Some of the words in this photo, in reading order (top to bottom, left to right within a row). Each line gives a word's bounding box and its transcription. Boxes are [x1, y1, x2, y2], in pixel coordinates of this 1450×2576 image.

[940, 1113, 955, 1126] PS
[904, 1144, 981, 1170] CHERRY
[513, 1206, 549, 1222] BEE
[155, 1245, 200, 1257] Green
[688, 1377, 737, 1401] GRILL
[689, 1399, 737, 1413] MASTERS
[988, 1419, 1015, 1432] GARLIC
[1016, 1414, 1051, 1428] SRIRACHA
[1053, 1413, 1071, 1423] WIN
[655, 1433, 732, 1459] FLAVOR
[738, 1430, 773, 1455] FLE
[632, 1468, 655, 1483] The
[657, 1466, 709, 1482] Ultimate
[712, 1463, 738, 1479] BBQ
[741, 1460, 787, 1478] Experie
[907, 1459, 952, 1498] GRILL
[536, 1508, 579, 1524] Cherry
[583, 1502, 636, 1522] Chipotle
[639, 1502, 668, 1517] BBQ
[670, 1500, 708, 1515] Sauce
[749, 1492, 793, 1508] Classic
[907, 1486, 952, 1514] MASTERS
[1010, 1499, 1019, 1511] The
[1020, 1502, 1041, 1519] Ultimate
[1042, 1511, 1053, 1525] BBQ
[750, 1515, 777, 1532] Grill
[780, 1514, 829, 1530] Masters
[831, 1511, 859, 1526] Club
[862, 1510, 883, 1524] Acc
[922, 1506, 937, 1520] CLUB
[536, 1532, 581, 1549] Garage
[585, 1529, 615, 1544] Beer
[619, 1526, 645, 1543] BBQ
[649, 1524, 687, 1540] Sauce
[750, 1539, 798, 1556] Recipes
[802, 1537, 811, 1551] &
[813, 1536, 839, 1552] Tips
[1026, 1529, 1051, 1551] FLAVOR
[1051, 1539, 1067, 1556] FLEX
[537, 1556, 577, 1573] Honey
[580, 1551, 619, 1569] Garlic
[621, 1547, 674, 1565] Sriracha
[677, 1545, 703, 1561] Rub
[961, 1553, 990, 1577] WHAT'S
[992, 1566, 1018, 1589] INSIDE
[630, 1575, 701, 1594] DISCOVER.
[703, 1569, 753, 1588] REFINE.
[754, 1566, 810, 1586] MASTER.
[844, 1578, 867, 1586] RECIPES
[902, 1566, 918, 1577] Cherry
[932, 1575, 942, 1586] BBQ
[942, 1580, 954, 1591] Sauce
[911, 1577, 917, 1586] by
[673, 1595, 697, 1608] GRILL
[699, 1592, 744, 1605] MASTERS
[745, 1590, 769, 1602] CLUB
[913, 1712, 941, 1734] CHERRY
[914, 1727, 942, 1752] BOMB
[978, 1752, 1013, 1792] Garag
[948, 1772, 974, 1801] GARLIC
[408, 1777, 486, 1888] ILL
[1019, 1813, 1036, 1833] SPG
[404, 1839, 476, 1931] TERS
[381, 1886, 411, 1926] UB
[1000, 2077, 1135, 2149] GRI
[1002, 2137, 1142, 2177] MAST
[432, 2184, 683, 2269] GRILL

▶ _What to produce_:
Every entry above should be retyped exactly as it appears.

▶ _Task solution_:
Some of the words in this photo, in reading order (top to bottom, left to right within a row). Each line gives a word's bounding box and its transcription. Boxes are [x1, y1, x2, y2], in pixel coordinates of this 1450×2576 image.

[940, 1113, 955, 1126] PS
[904, 1144, 981, 1170] CHERRY
[513, 1206, 549, 1222] BEE
[155, 1245, 200, 1257] Green
[688, 1377, 737, 1401] GRILL
[689, 1399, 737, 1413] MASTERS
[988, 1419, 1015, 1432] GARLIC
[1016, 1414, 1051, 1428] SRIRACHA
[1053, 1413, 1071, 1423] WIN
[655, 1433, 732, 1459] FLAVOR
[738, 1430, 773, 1455] FLE
[632, 1468, 655, 1483] The
[657, 1466, 709, 1482] Ultimate
[712, 1463, 738, 1479] BBQ
[741, 1460, 787, 1478] Experie
[907, 1459, 952, 1498] GRILL
[536, 1508, 579, 1524] Cherry
[583, 1502, 636, 1522] Chipotle
[639, 1502, 668, 1517] BBQ
[670, 1500, 708, 1515] Sauce
[749, 1492, 793, 1508] Classic
[907, 1486, 952, 1514] MASTERS
[1010, 1499, 1019, 1511] The
[1020, 1502, 1041, 1519] Ultimate
[1042, 1511, 1053, 1525] BBQ
[750, 1515, 777, 1532] Grill
[780, 1514, 829, 1530] Masters
[831, 1511, 859, 1526] Club
[862, 1510, 883, 1524] Acc
[922, 1506, 937, 1520] CLUB
[536, 1532, 581, 1549] Garage
[585, 1529, 615, 1544] Beer
[619, 1526, 645, 1543] BBQ
[649, 1524, 687, 1540] Sauce
[750, 1539, 798, 1556] Recipes
[802, 1537, 811, 1551] &
[813, 1536, 839, 1552] Tips
[1026, 1529, 1051, 1551] FLAVOR
[1051, 1539, 1067, 1556] FLEX
[537, 1556, 577, 1573] Honey
[580, 1551, 619, 1569] Garlic
[621, 1547, 674, 1565] Sriracha
[677, 1545, 703, 1561] Rub
[961, 1553, 990, 1577] WHAT'S
[992, 1566, 1018, 1589] INSIDE
[630, 1575, 701, 1594] DISCOVER.
[703, 1569, 753, 1588] REFINE.
[754, 1566, 810, 1586] MASTER.
[844, 1578, 867, 1586] RECIPES
[902, 1566, 918, 1577] Cherry
[932, 1575, 942, 1586] BBQ
[942, 1580, 954, 1591] Sauce
[911, 1577, 917, 1586] by
[673, 1595, 697, 1608] GRILL
[699, 1592, 744, 1605] MASTERS
[745, 1590, 769, 1602] CLUB
[913, 1712, 941, 1734] CHERRY
[914, 1727, 942, 1752] BOMB
[978, 1752, 1013, 1792] Garag
[948, 1772, 974, 1801] GARLIC
[408, 1777, 486, 1888] ILL
[1019, 1813, 1036, 1833] SPG
[404, 1839, 476, 1931] TERS
[381, 1886, 411, 1926] UB
[1000, 2077, 1135, 2149] GRI
[1002, 2137, 1142, 2177] MAST
[432, 2184, 683, 2269] GRILL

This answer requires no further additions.